BEGIN

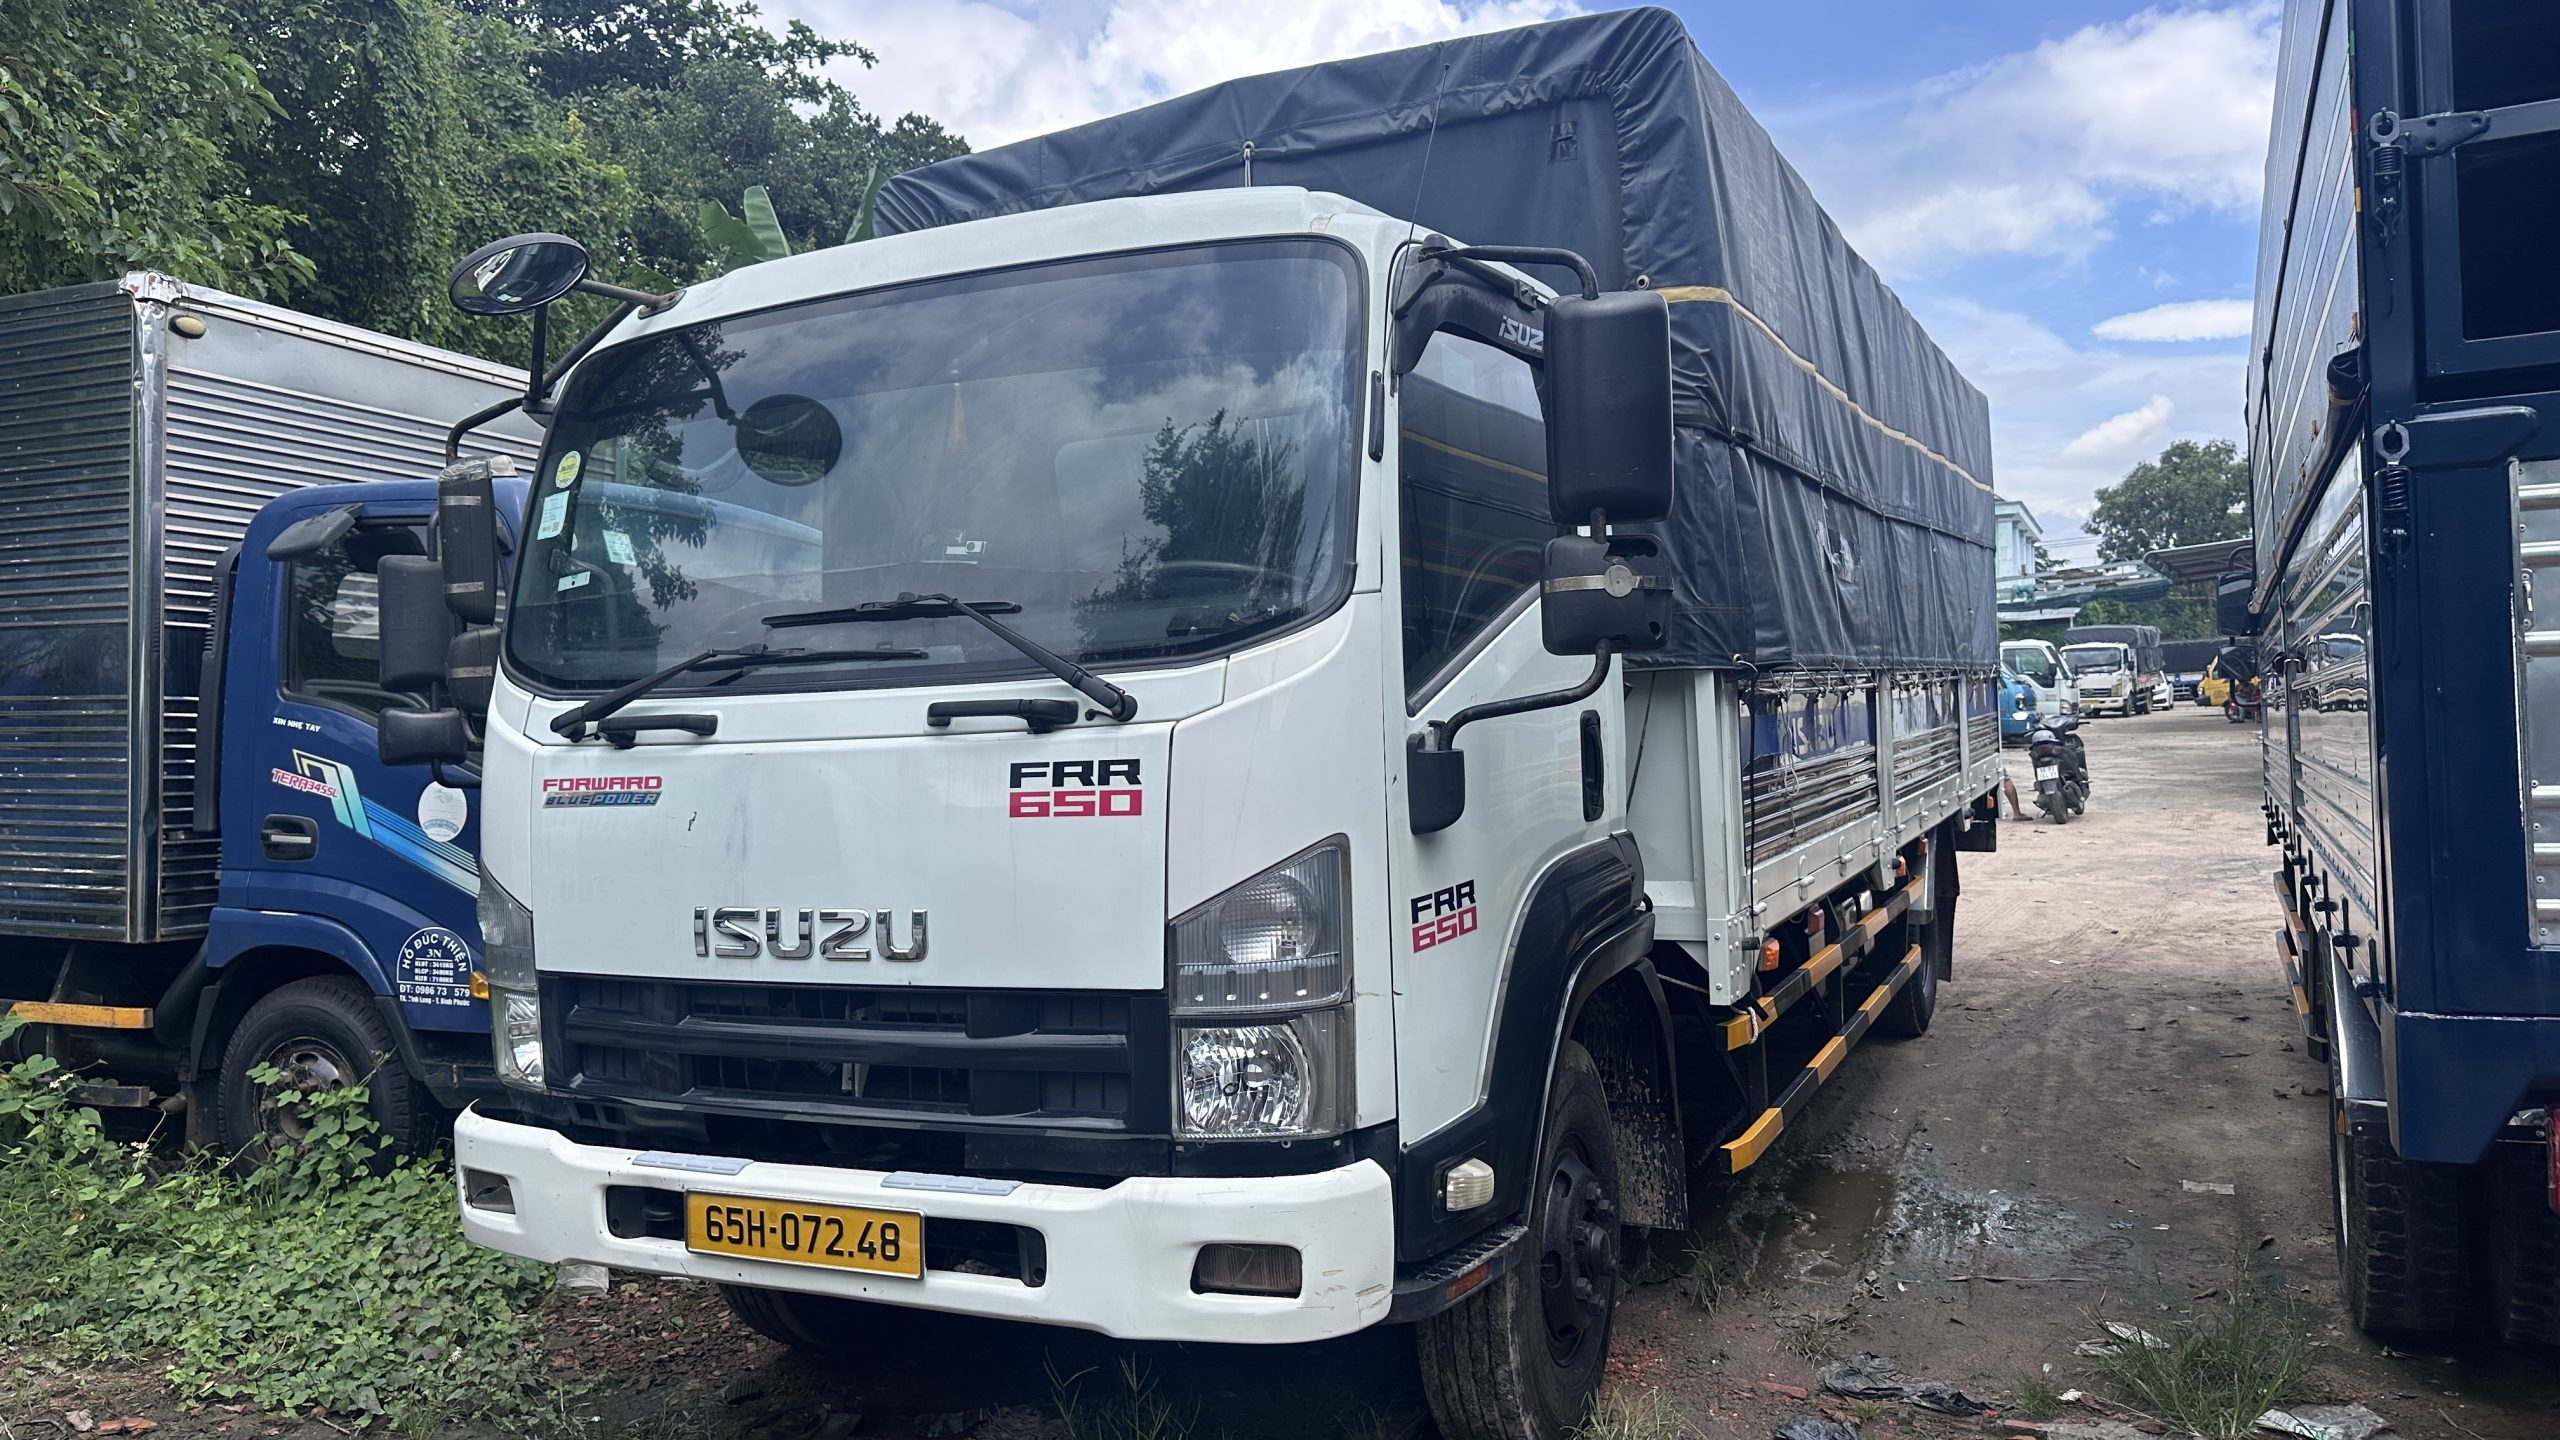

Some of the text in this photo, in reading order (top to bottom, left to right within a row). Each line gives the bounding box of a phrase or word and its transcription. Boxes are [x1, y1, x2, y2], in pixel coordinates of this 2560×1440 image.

[1499, 315, 1544, 351] iSUZ
[272, 716, 286, 726] XIN
[305, 722, 321, 733] TAY
[543, 776, 663, 792] FORWARD
[1010, 759, 1142, 788] FRR
[1009, 790, 1142, 817] 650
[1411, 879, 1476, 924] FRR
[694, 906, 929, 962] ISUZU
[1412, 906, 1478, 954] 650
[415, 986, 435, 995] 0986
[454, 988, 470, 997] 579
[706, 1204, 900, 1262] 65H-072.48

END

• _EXERCISE GOAL_: Please transcribe the listing exactly as it stands, but omit its pictures.

• _YOUR SOLUTION_:
Some of the text in this photo, in reading order (top to bottom, left to right within a row). Each line gives the bounding box of a phrase or word and its transcription. Boxes are [x1, y1, x2, y2], in pixel coordinates of this 2560×1440 image.

[1499, 315, 1544, 351] iSUZ
[272, 716, 286, 726] XIN
[305, 722, 321, 733] TAY
[543, 776, 663, 792] FORWARD
[1010, 759, 1142, 788] FRR
[1009, 790, 1142, 817] 650
[1411, 879, 1476, 924] FRR
[694, 906, 929, 962] ISUZU
[1412, 906, 1478, 954] 650
[415, 986, 435, 995] 0986
[454, 988, 470, 997] 579
[706, 1204, 900, 1262] 65H-072.48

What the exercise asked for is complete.